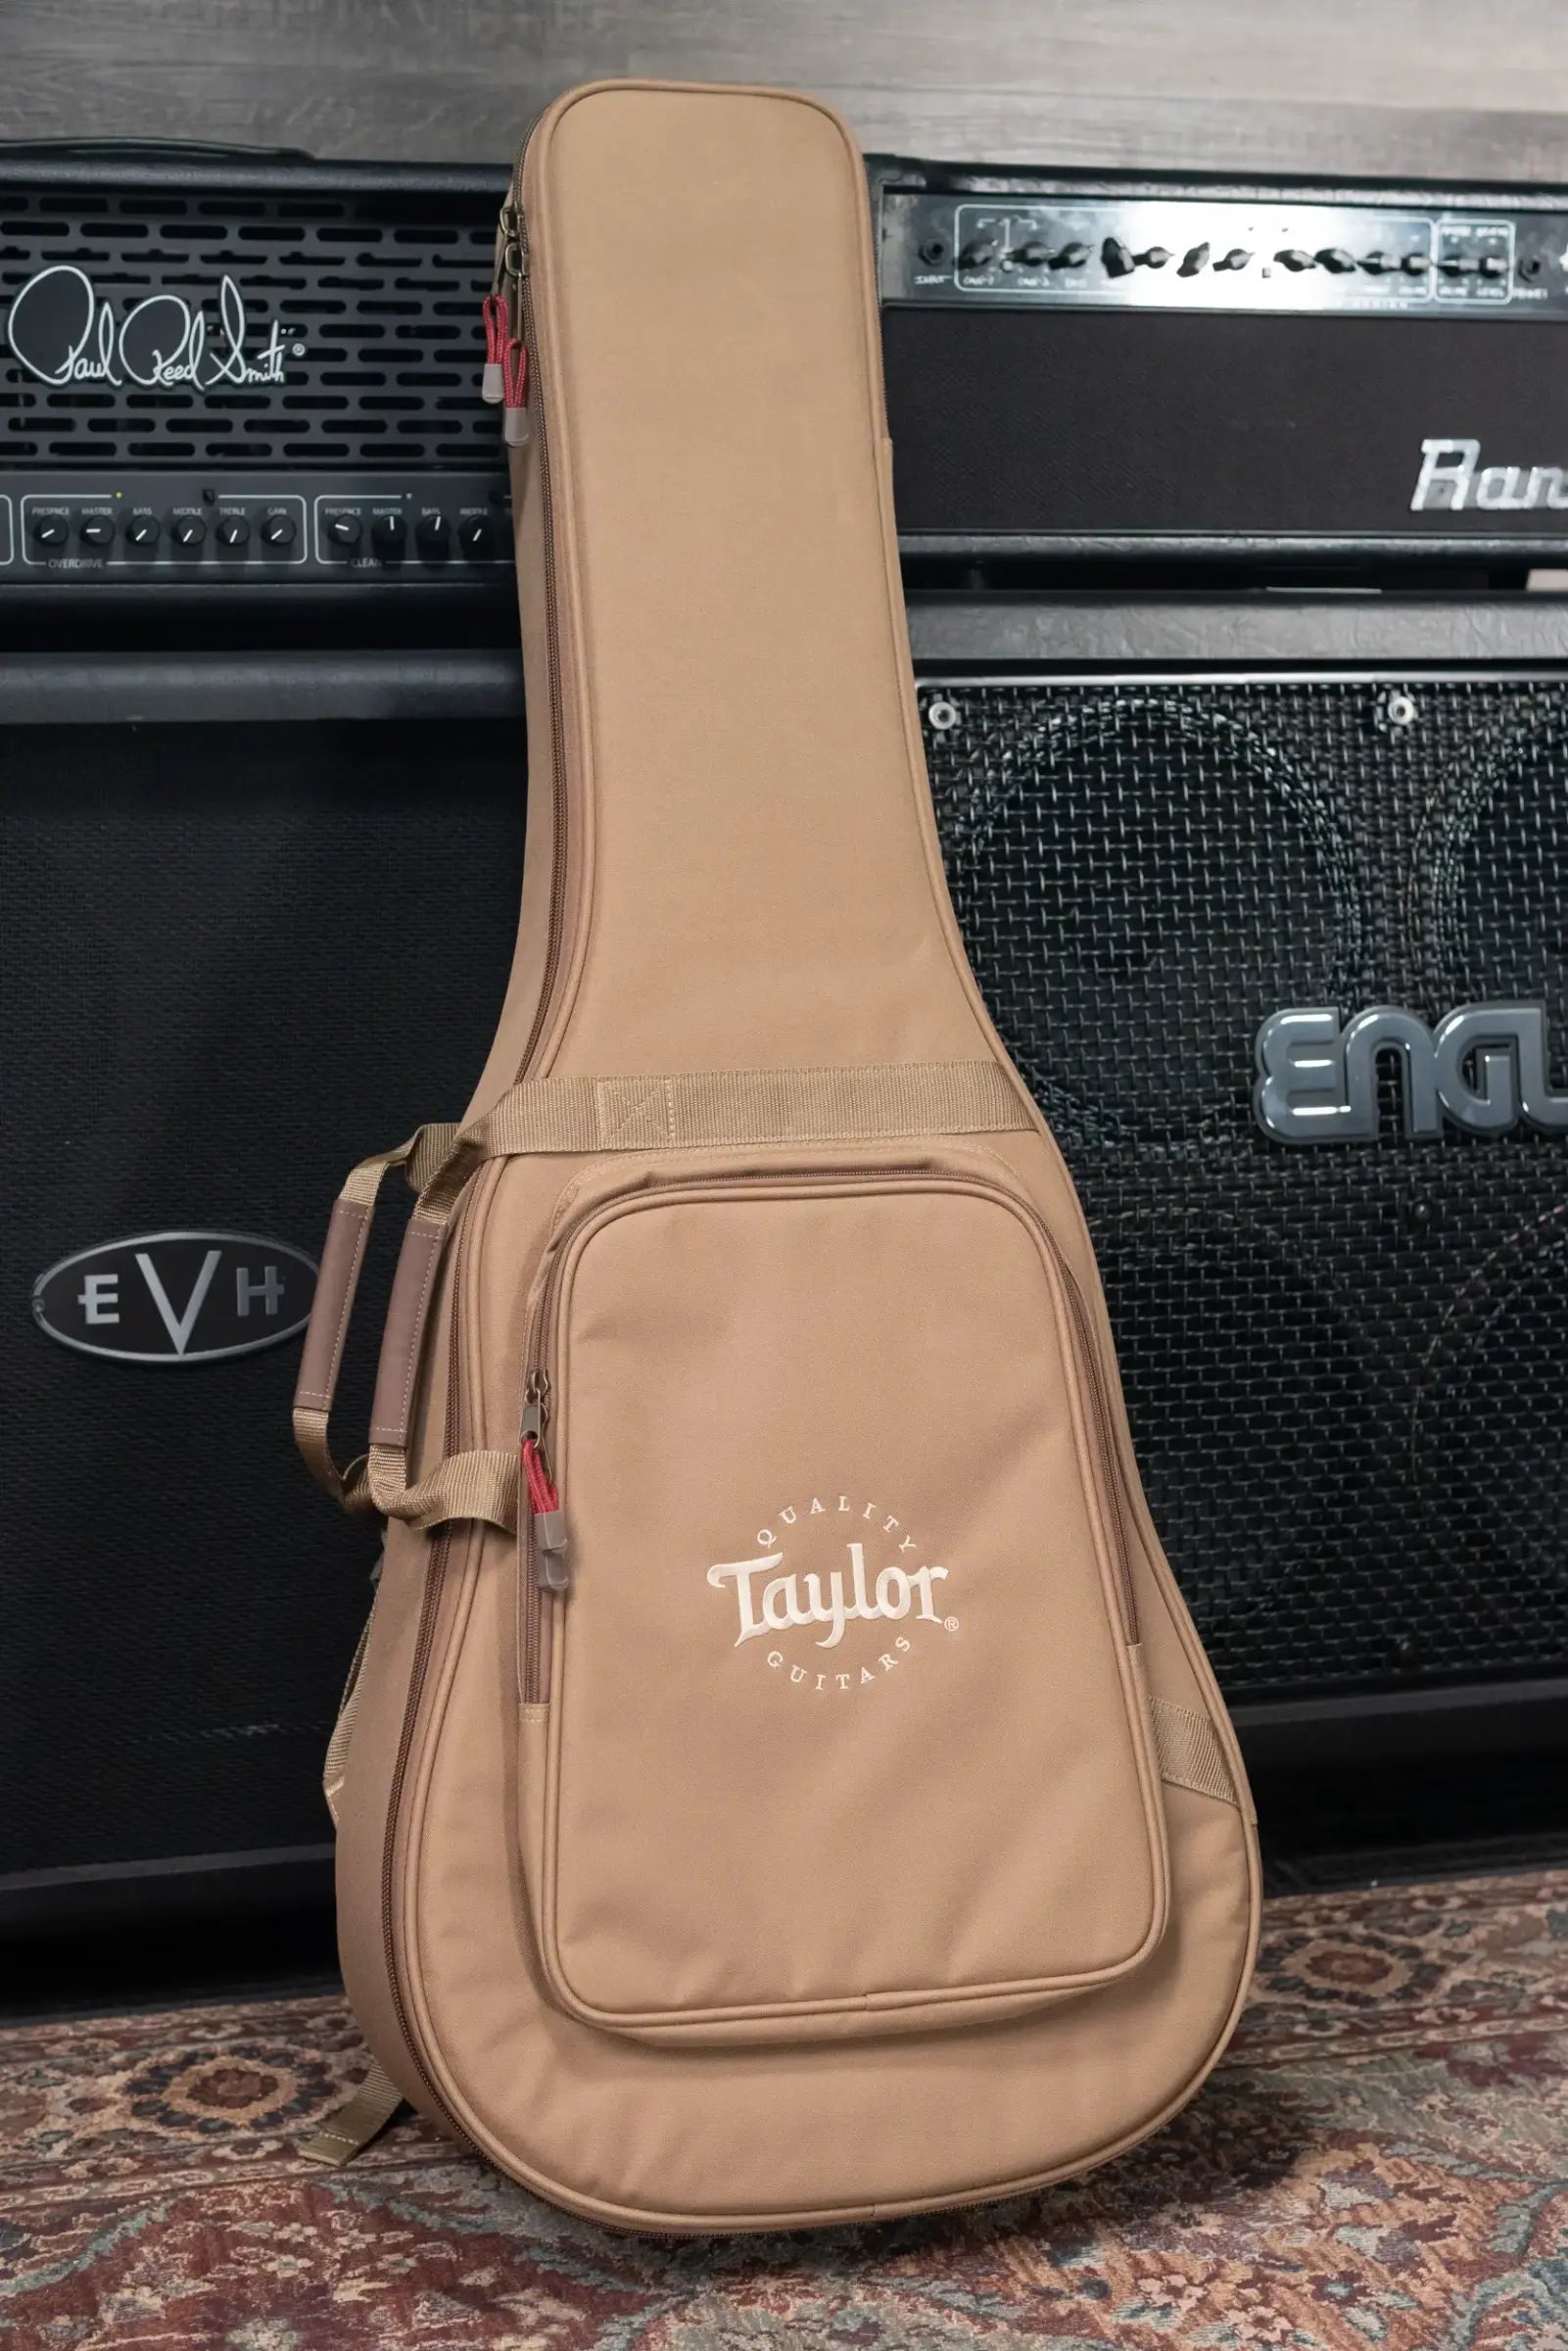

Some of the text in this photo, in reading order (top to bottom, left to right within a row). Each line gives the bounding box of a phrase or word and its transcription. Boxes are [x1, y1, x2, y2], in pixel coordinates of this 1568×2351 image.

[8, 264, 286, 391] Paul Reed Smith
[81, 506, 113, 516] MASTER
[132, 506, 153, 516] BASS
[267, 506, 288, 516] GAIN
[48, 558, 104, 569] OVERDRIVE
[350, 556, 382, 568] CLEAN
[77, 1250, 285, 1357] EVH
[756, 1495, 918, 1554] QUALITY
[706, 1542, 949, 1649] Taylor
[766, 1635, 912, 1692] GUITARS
----------------------------------------
--- TASK GOAL ---
Write out every record above exactly, leaving no picture in the result.

--- EXERCISE RESULT ---
Some of the text in this photo, in reading order (top to bottom, left to right within a row). Each line gives the bounding box of a phrase or word and its transcription. Boxes are [x1, y1, x2, y2], in pixel coordinates of this 1568×2351 image.

[8, 264, 286, 391] Paul Reed Smith
[81, 506, 113, 516] MASTER
[132, 506, 153, 516] BASS
[267, 506, 288, 516] GAIN
[48, 558, 104, 569] OVERDRIVE
[350, 556, 382, 568] CLEAN
[77, 1250, 285, 1357] EVH
[756, 1495, 918, 1554] QUALITY
[706, 1542, 949, 1649] Taylor
[766, 1635, 912, 1692] GUITARS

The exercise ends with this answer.